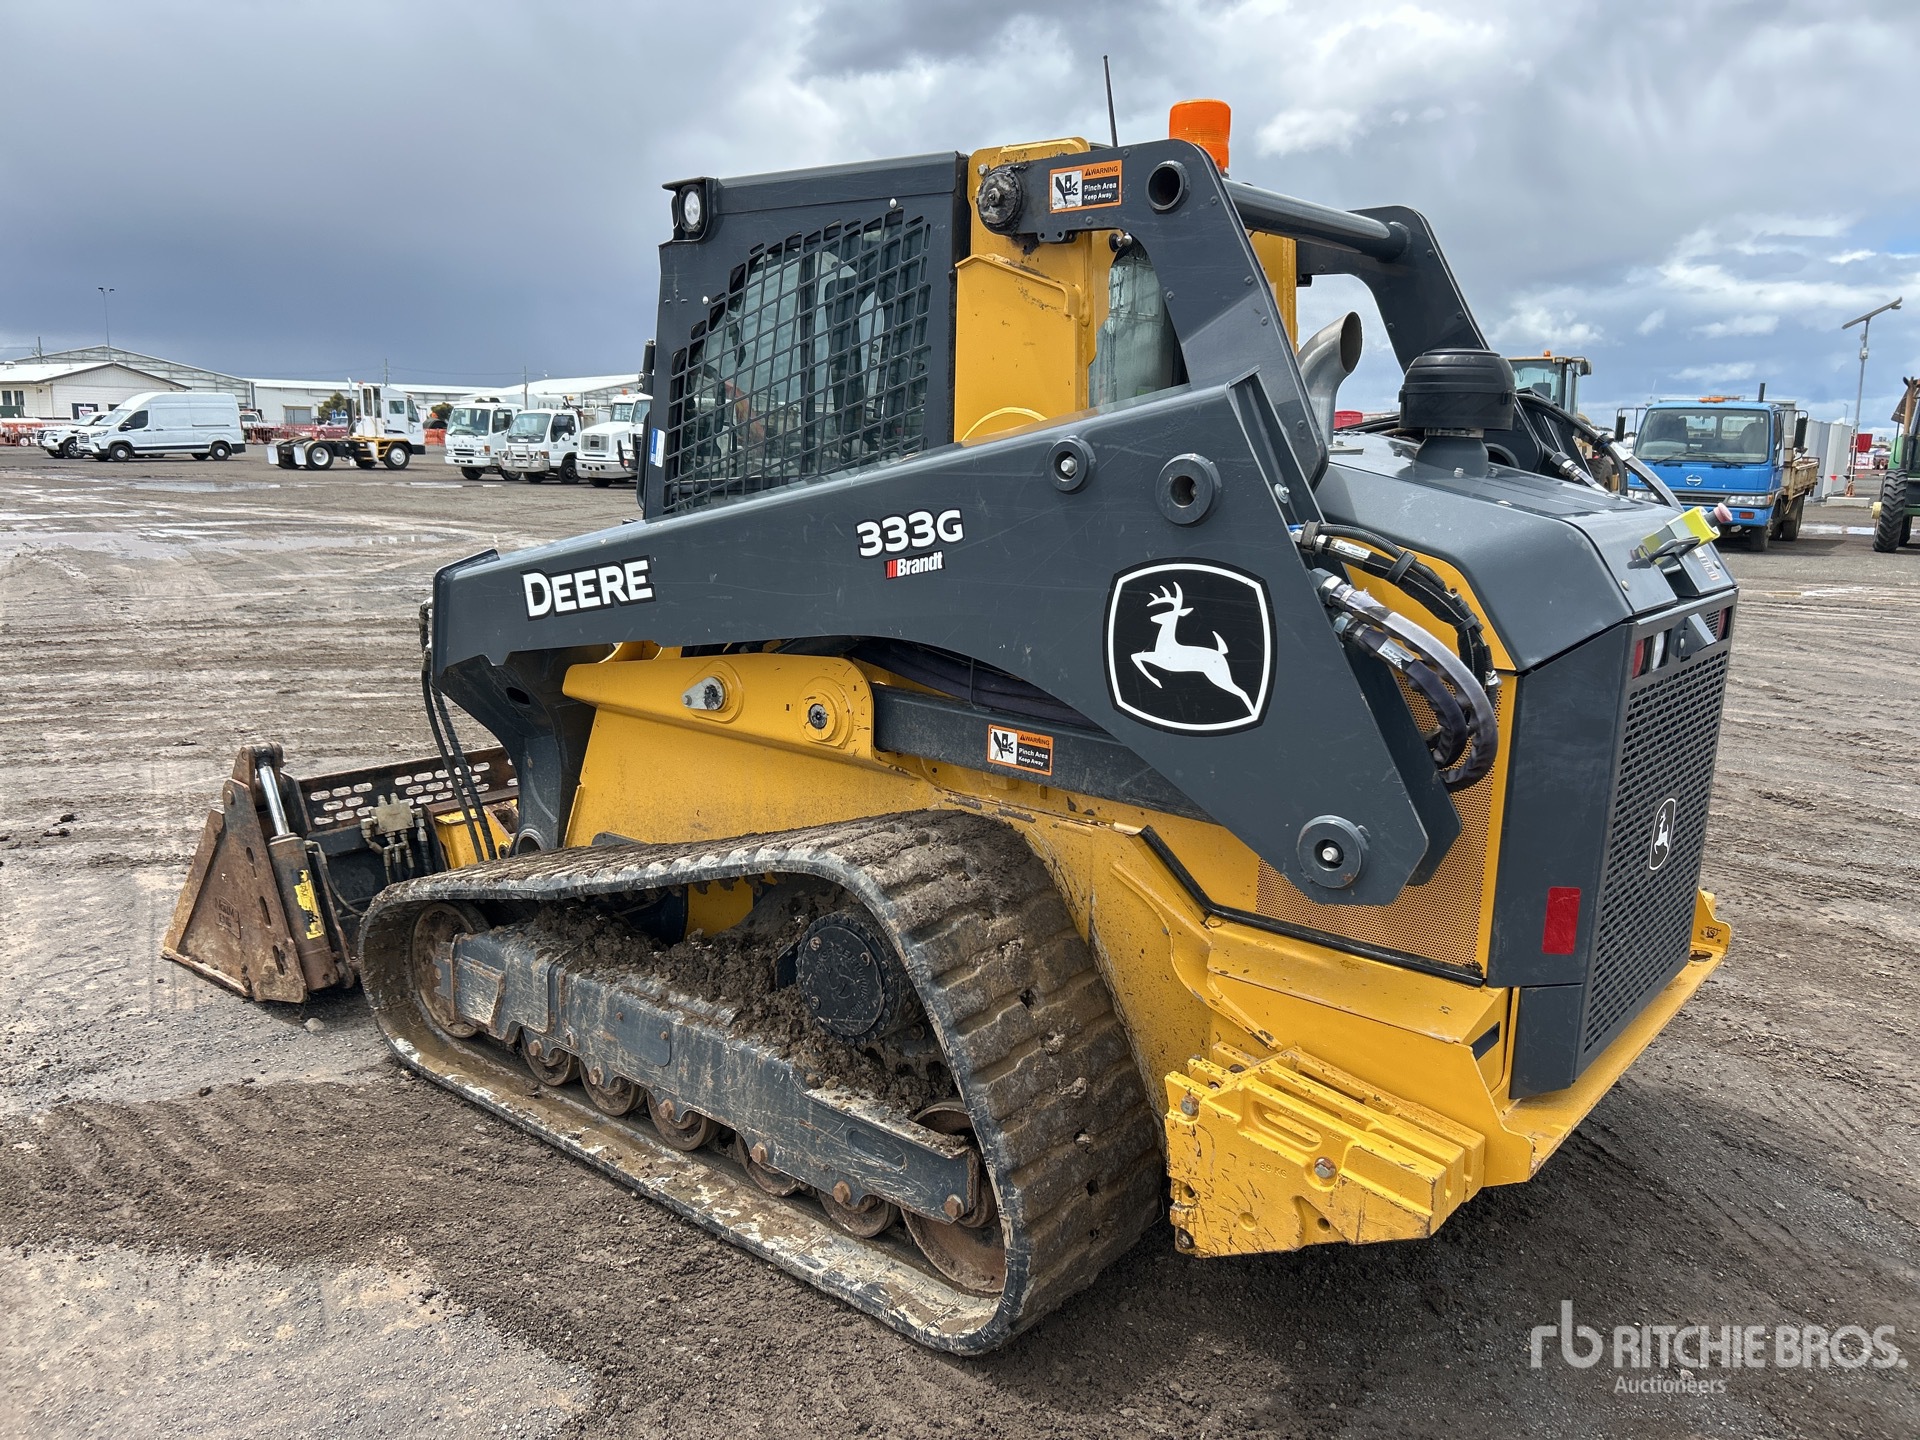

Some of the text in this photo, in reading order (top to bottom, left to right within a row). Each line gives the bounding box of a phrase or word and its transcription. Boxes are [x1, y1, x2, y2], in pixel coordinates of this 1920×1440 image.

[1090, 166, 1118, 176] WARNING
[1084, 181, 1117, 193] Pinch Area
[856, 509, 964, 557] 333G
[896, 550, 943, 577] Brandt
[522, 559, 653, 617] DEERE
[1025, 736, 1050, 746] WARNING
[1018, 747, 1049, 760] Pinch Area
[1018, 756, 1044, 767] Keep Away
[1274, 1166, 1288, 1179] KG
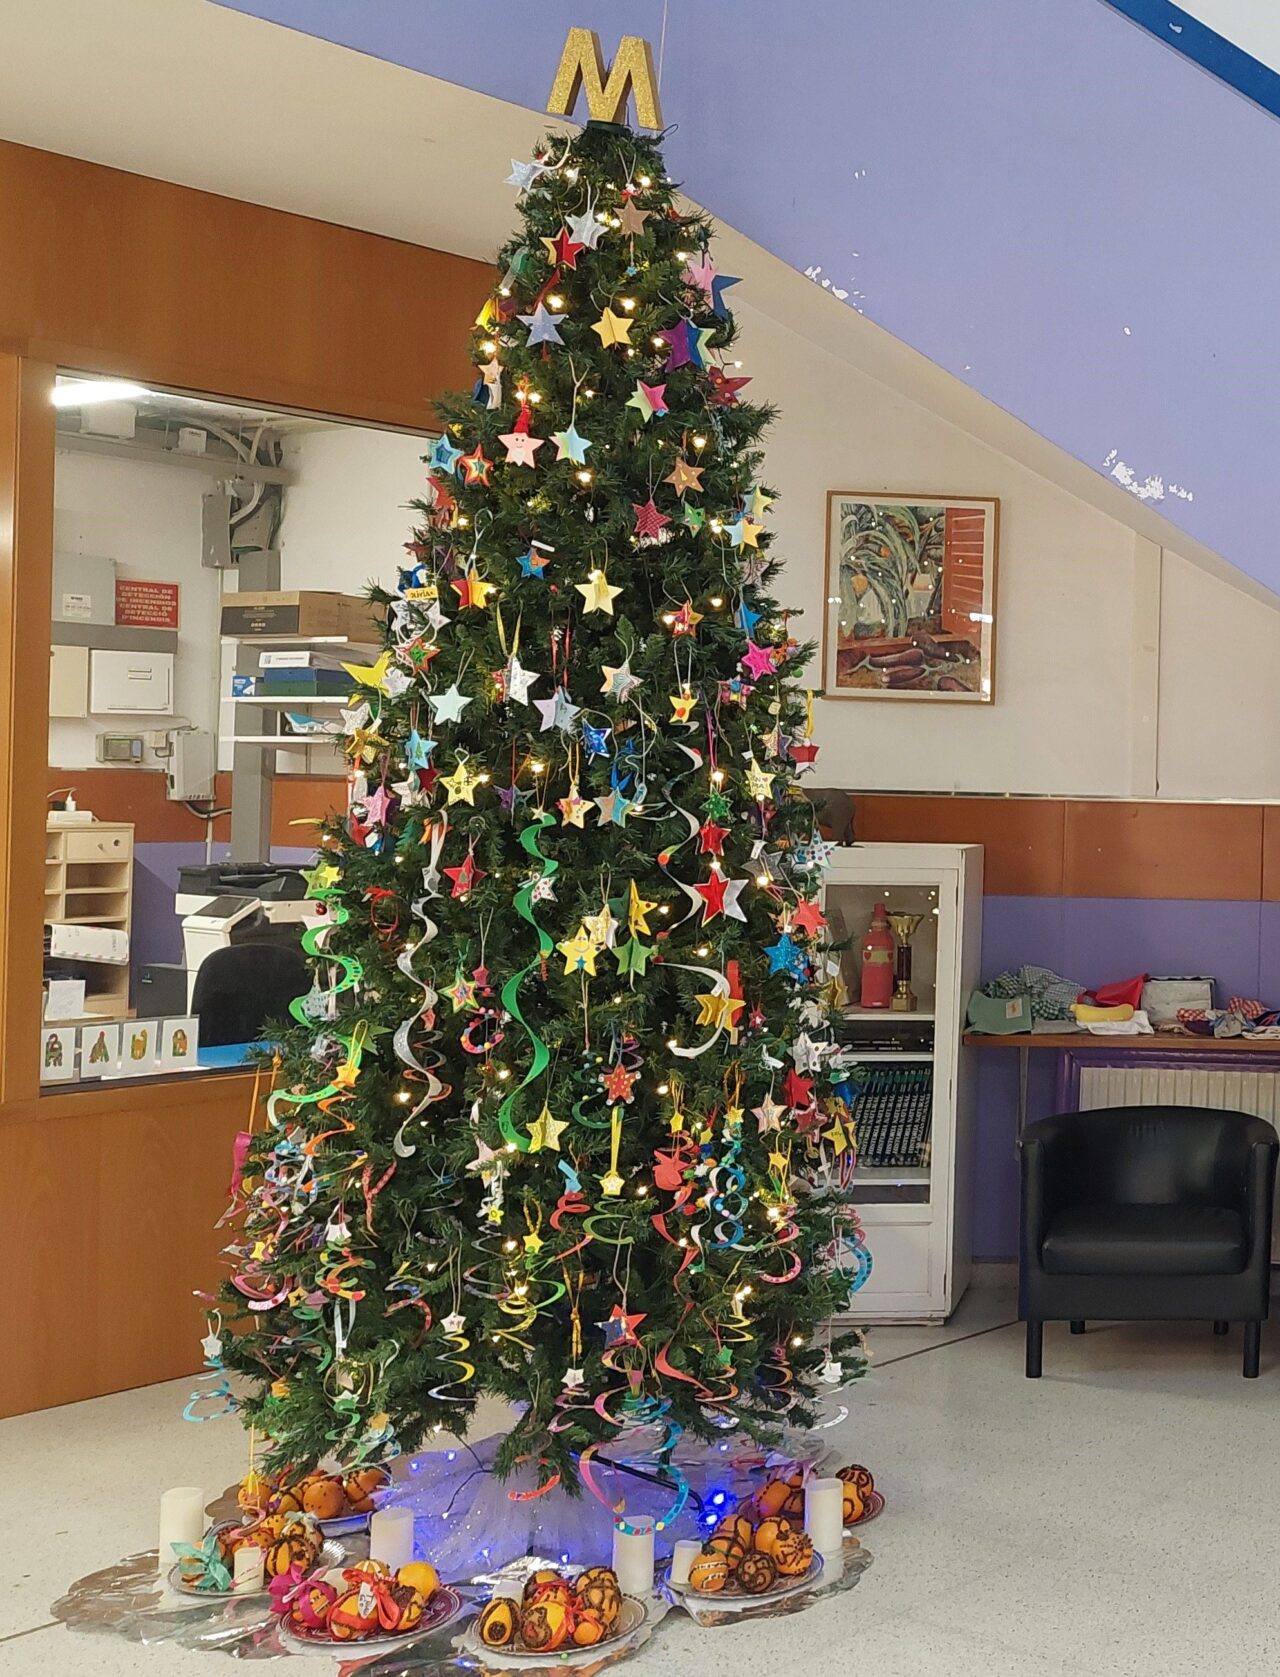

■ ■ ■ ■ ■

(What the exercise asks): The expected output is each record, copied exactly, and nothing in place of the pictures.

(Result):
Some of the text in this photo, in reading order (top to bottom, left to right within a row). Each line gives the bounding box of a phrase or word and its transcription. Boxes are [x1, y1, x2, y2], in pixel coordinates of this 1920×1440 image.

[1090, 166, 1118, 176] WARNING
[1084, 181, 1117, 193] Pinch Area
[856, 509, 964, 557] 333G
[896, 550, 943, 577] Brandt
[522, 559, 653, 617] DEERE
[1025, 736, 1050, 746] WARNING
[1018, 747, 1049, 760] Pinch Area
[1018, 756, 1044, 767] Keep Away
[1274, 1166, 1288, 1179] KG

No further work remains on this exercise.